La Constitución no supo prever el control efectivo del poder más poderoso de todos, el ejecutivo. Por ejemplo, manda que el Gobierno presente la Ley de Presupuestos todos los años, pero no prevé nada si el Gobierno, como es el caso, desacata el mandato. Un sistema adecuado habría previsto que, en tal caso, cayera el Gobierno y se procediera a la convocatoria automática de elecciones generales. En resumen: si Sánchez puede cometer todas las tropelías y abusos del Código Penal es porque no hay un modo constitucional de impedirlo, excepto el judicial y la obligatoriedad de las elecciones generales cada cuatro años, tiempo suficiente para intentar el autogolpe.

La utopía territorial del Estado Autonómico

Ignoro si los padres constituyentes creían en la honradez innata de cualquier aspirante a gobernar, pero lo que está claro a día de hoy es que la preocupación por la estabilidad se impuso a la del control y prevención de abusos de poder: encomendaron al Gobierno la virtuosa misión de vigilarse a sí mismo, ingenuidad más inspirada en Rousseau que en Madison, y nos está costando muy cara.  La segunda preocupación de los constituyentes también fue de género utópico: resolver para siempre el llamado problema territorial.

El método elegido fue extender y aumentar las autonomías políticas excepcionales de la Segunda República (Cataluña y País Vasco) al conjunto de España, creando Comunidades Autónomas dotadas de un poder de tipo federal, pero sin que el Estado sea, en realidad, federal. No está claro quién prevalece en caso de conflicto de competencias, si el Estado o las Comunidades Autónomas (causa de la fracasada LOAPA de 1982), ni hay líneas rojas al poder que el Estado puede delegar a las CCAA.

El nacionalismo separatista recibió el Estado autonómico como una afrenta simbólica a las verdaderas “nacionalidades históricas” (concepto bastante majadero) pero, a la vez, como oportunidad de oro para crear feudos despóticos que excluían a los no nacionalistas mientras condicionaban en Madrid la formación de gobiernos nacionales.
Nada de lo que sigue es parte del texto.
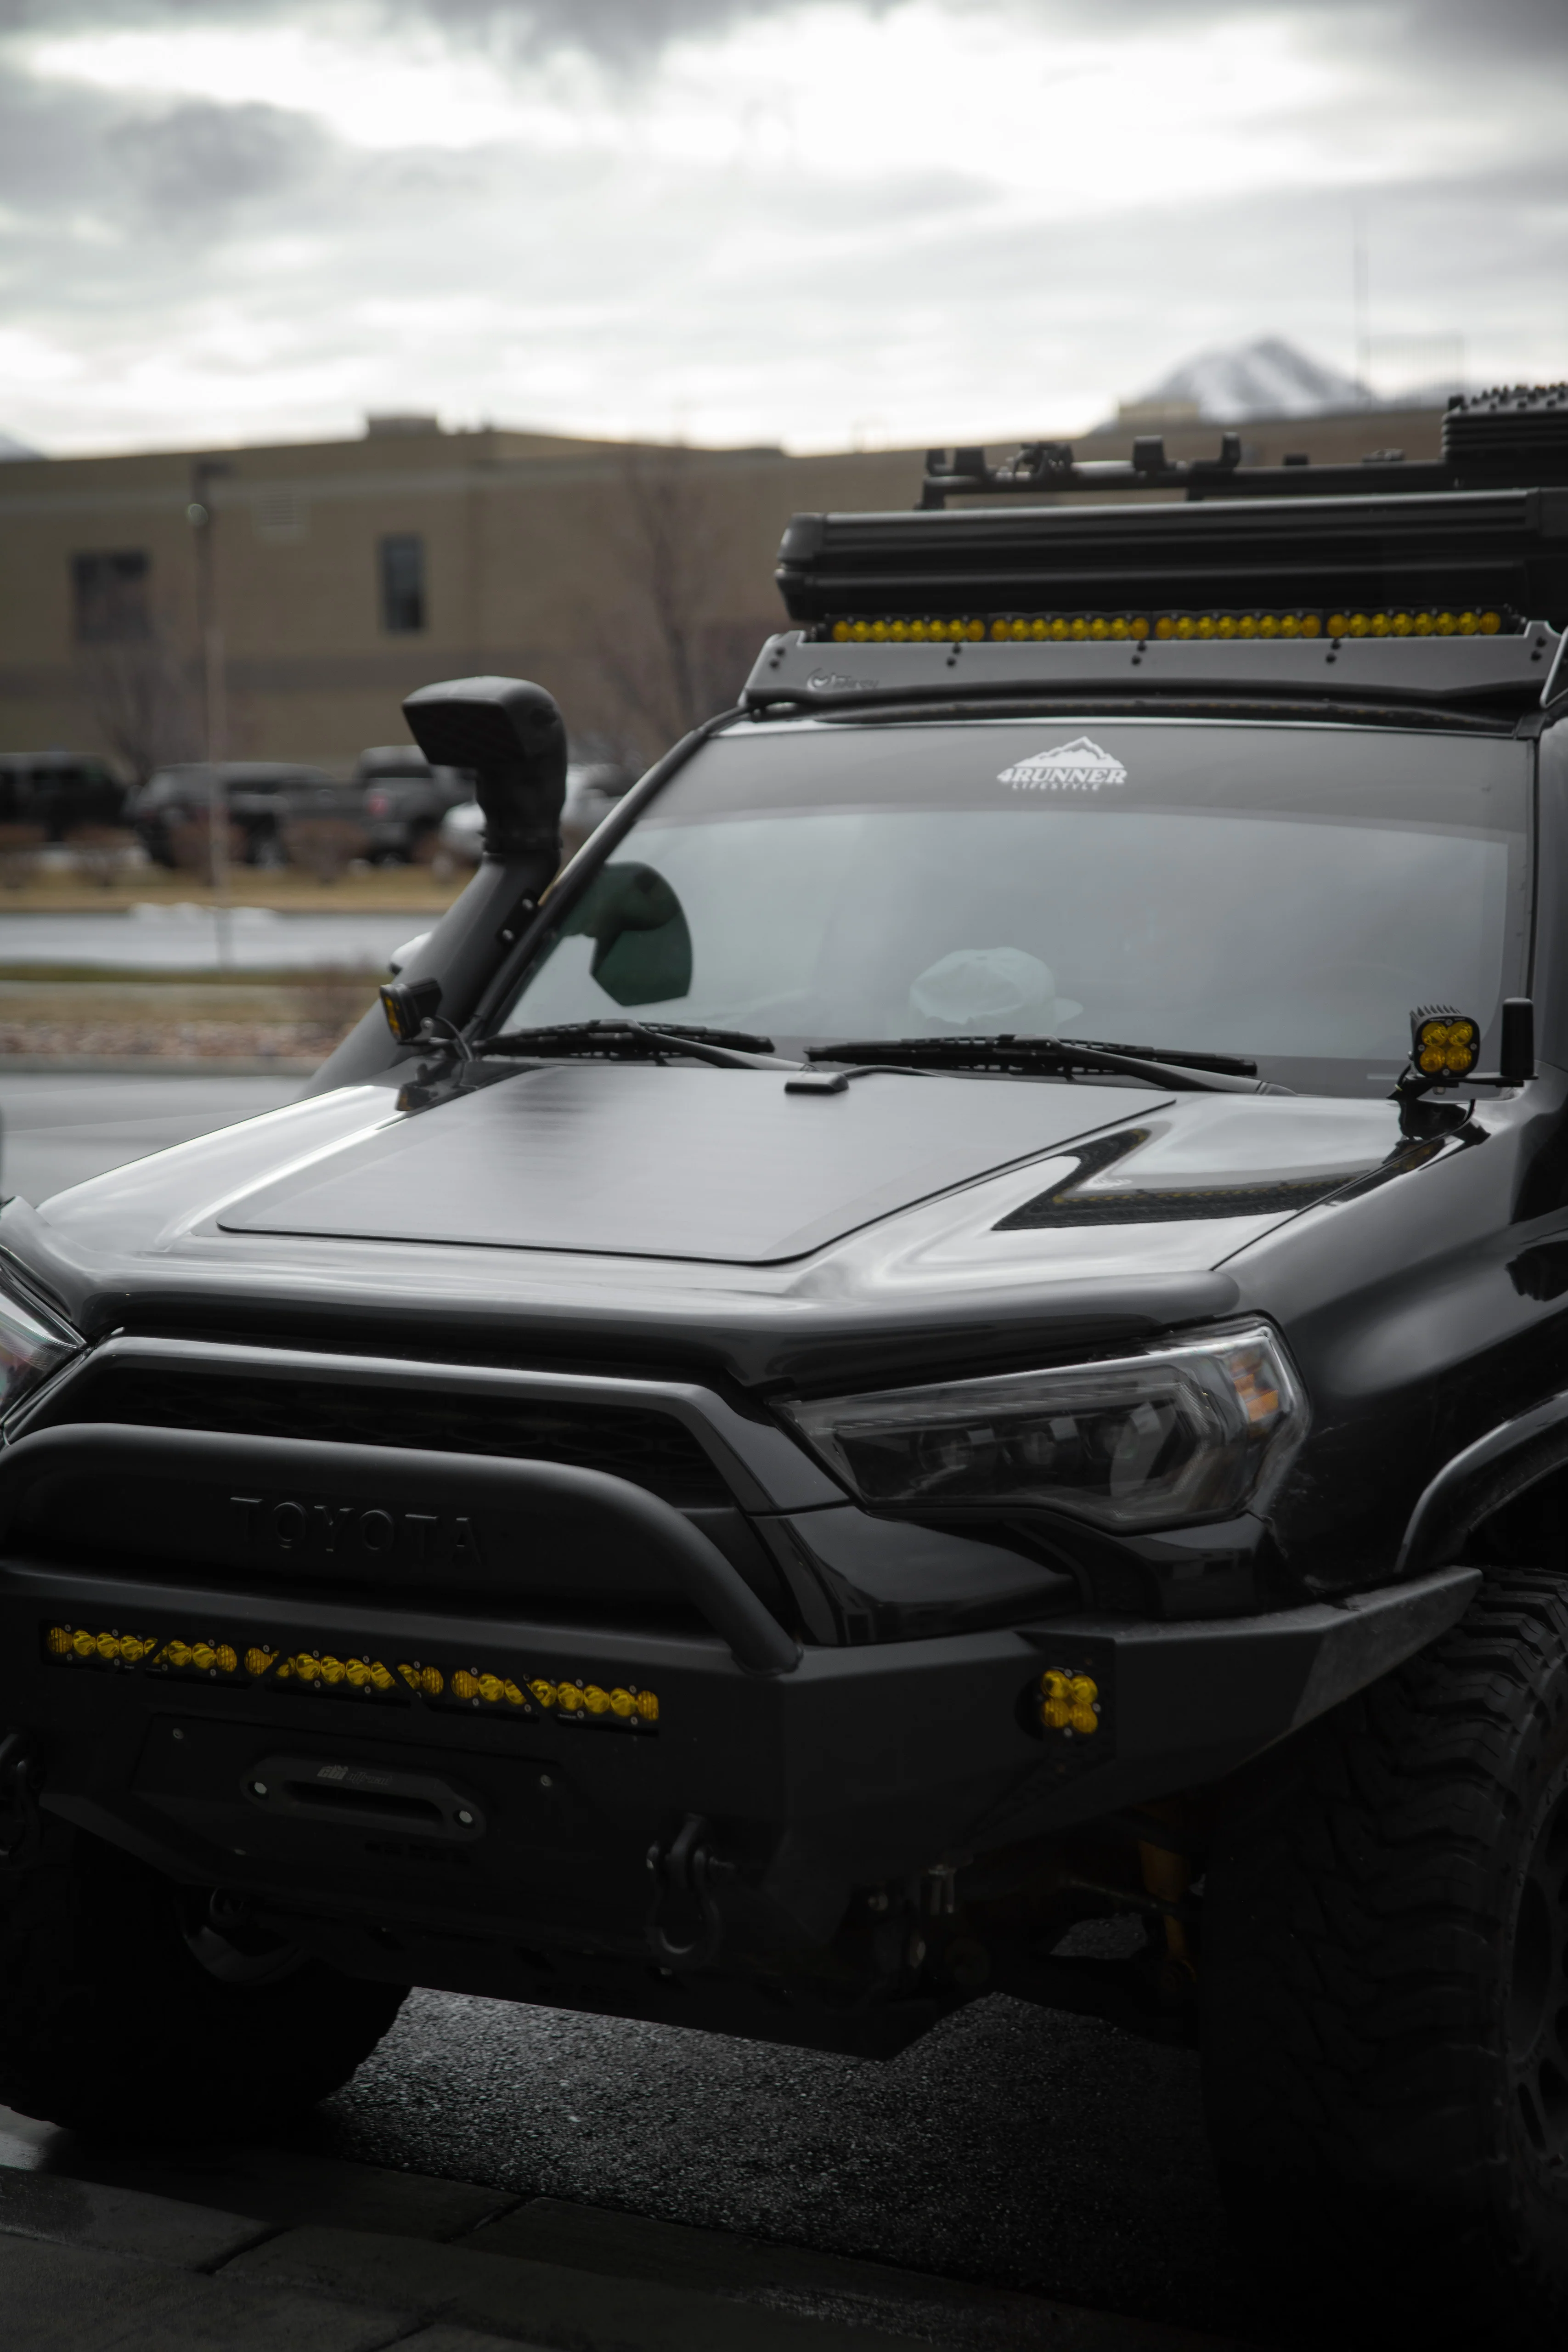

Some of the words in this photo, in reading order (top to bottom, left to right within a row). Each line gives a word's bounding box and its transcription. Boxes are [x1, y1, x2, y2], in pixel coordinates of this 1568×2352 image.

[996, 768, 1128, 783] 4RUNNER
[1012, 783, 1101, 791] LIFESTYLE
[230, 1496, 482, 1565] TOYOTA
No solo cuando era necesario para formar mayorías parlamentarias, sino porque muy pronto PSOE, UCD y luego el PP aceptaron como regla no escrita la necesidad de obtener la aprobación nacionalista, incluso sin ser necesaria.

Esta práctica produjo dos fenómenos degenerativos: la primacía del poder territorial sobre el nacional, pues las Comunidades Autónomas tienen mucho más poder que medios para aplicarlo (como demuestra cada catástrofe; covid, incendios, inundaciones), y la consiguiente centrifugación del Estado hacia un modelo confederal tácito, aunque inconstitucional. Es verdad que también permite un contrapeso no previsto, como el que representa Madrid frente a los separatistas periféricos, pero a costa de la demonización de Madrid.
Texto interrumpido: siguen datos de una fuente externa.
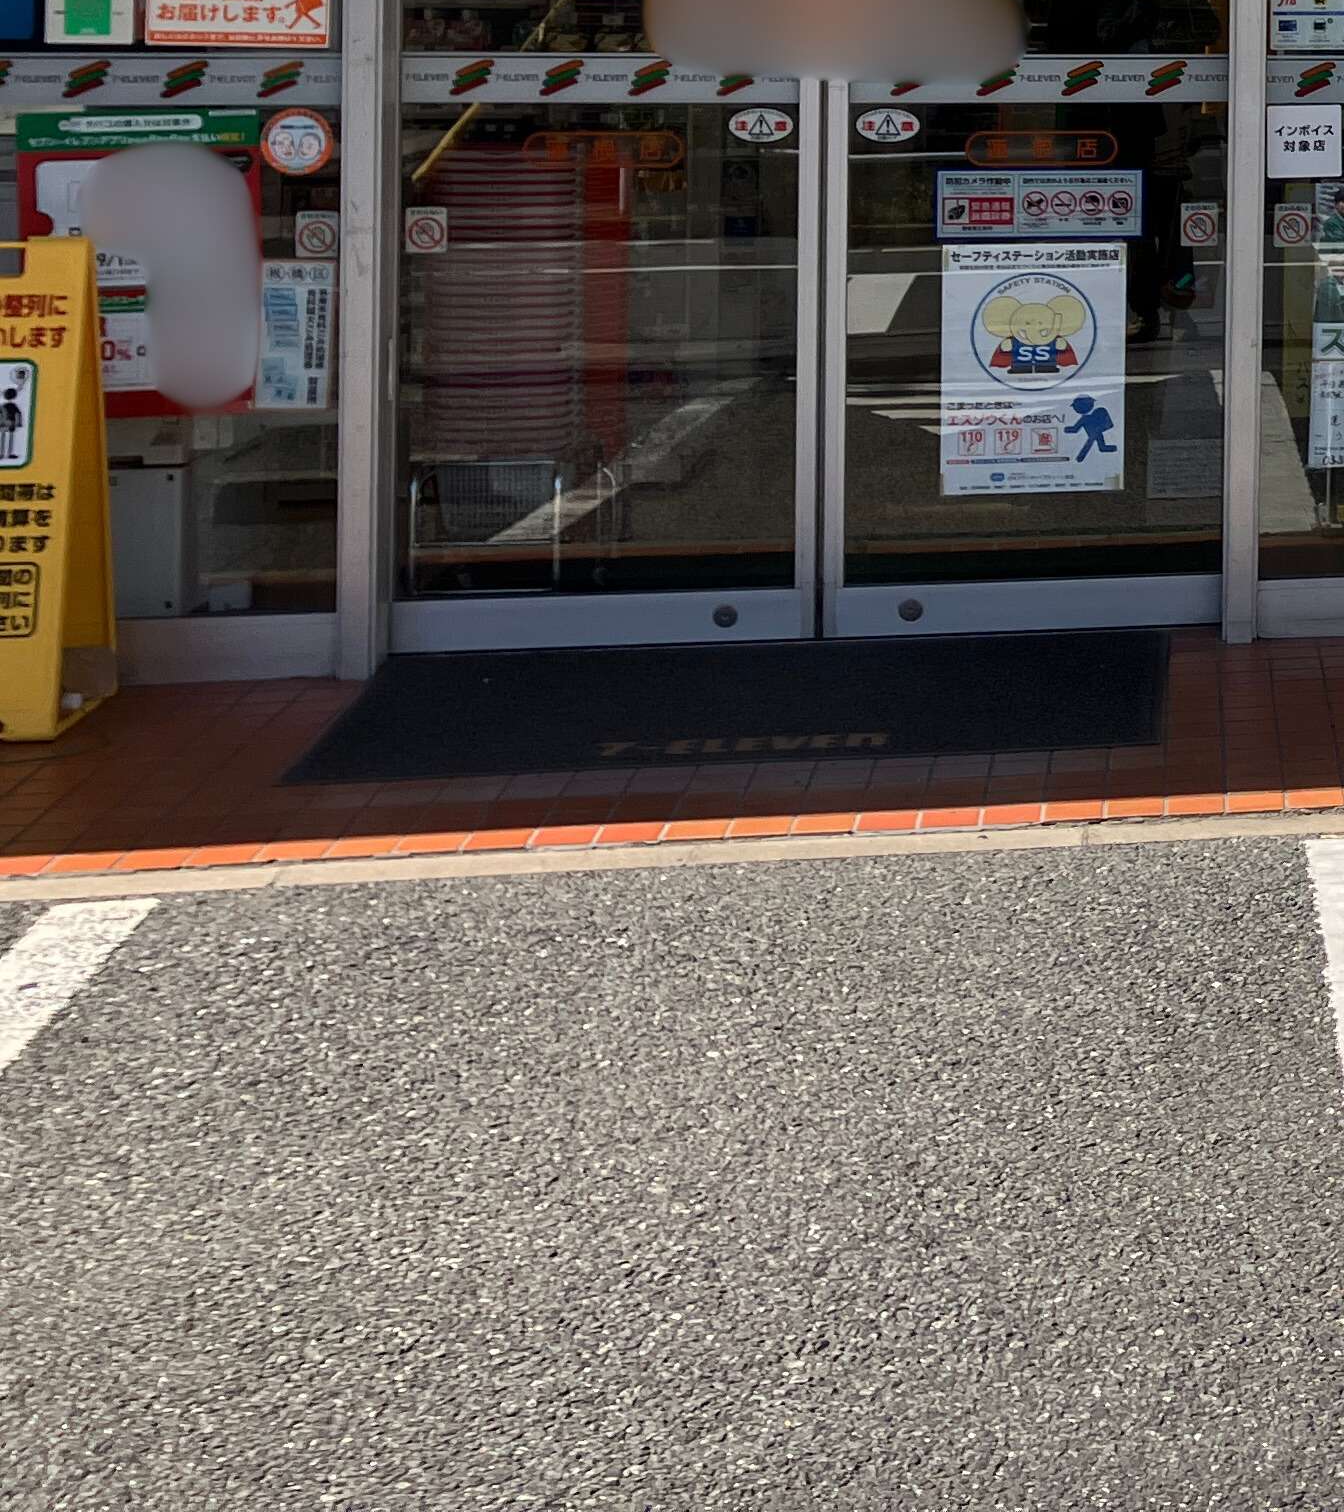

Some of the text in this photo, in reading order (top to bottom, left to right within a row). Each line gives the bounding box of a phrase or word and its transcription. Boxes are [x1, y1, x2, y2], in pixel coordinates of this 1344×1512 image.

[1274, 125, 1335, 137] インボイス
[1283, 140, 1327, 152] 対象店
[950, 249, 1120, 264] セーフティステーション活動実施店
[997, 277, 1072, 295] SAFETY STATION
[0, 294, 68, 318] 整列に
[1016, 346, 1051, 362] SS
[959, 429, 1020, 443] 110 119
En fin, parte de todo esto era conocido desde hace años: UPyD lo diagnosticó con gran exactitud y clarividencia -lo cuento en La democracia robada-, y quizás por eso nos han condenado al olvido; la totalidad la hemos aprendido a las malas con Sánchez: tenemos un sistema territorial defectuoso, una separación de poderes precaria, contrapesos y controles insuficientes o inexistentes, y una enorme laguna de control de los posibles  abusos de poder del Gobierno.
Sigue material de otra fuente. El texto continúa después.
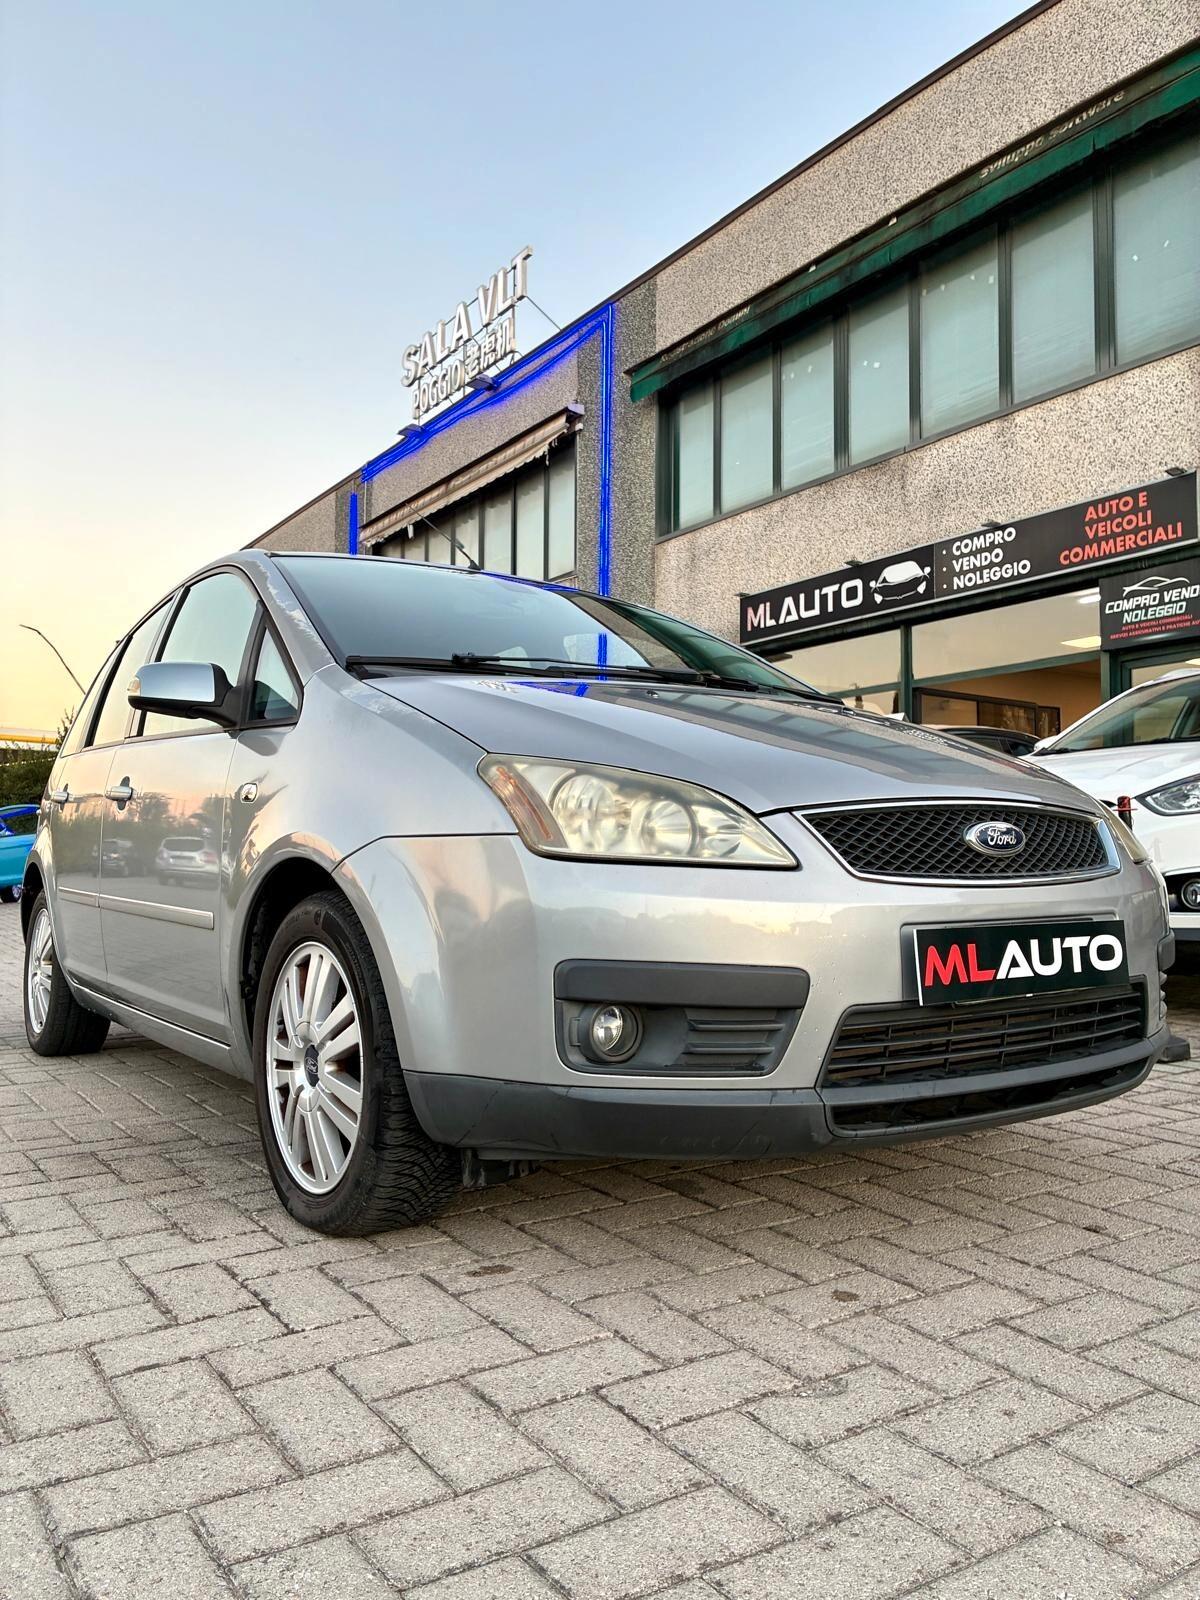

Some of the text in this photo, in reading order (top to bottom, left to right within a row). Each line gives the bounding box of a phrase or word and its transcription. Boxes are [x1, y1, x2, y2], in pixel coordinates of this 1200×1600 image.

[401, 245, 533, 387] SALA VLT
[412, 359, 465, 419] POGGIO
[1084, 491, 1148, 522] AUTO E
[1084, 510, 1152, 540] VEICOLI
[952, 526, 1017, 556] COMPRO
[1059, 521, 1183, 566] COMMERCIALI
[952, 548, 1004, 573] VENDO
[953, 559, 1031, 590] NOLEGGIO
[1105, 592, 1160, 614] COMPRO
[1122, 601, 1187, 624] NOLEGGIO
[987, 827, 1017, 846] Ford
Conocer es corregir errores

Me he pasado más de media vida defendiendo la Constitución en un territorio donde en realidad nunca ha estado realmente vigente, el País Vasco, así que creo poder defender que esta Constitución defectuosa es, pese a todo, infinitamente mejor que ninguna. Conocer los defectos de algo es el único modo de resolverlos. Si ya sabemos en qué es defectuosa, la Constitución tiene arreglo.

Reformarla con lo aprendido, en vez de venerarla como una vaca sagrada decorativa, debería ser el objetivo número uno tras expulsar al nefasto sanchismo de las instituciones y de nuestras vidas. Saben, si algo enseñan la filosofía y la ciencia desde los clásicos es que el auténtico conocimiento es aquel que puede ser mejorado. Las Constituciones, también.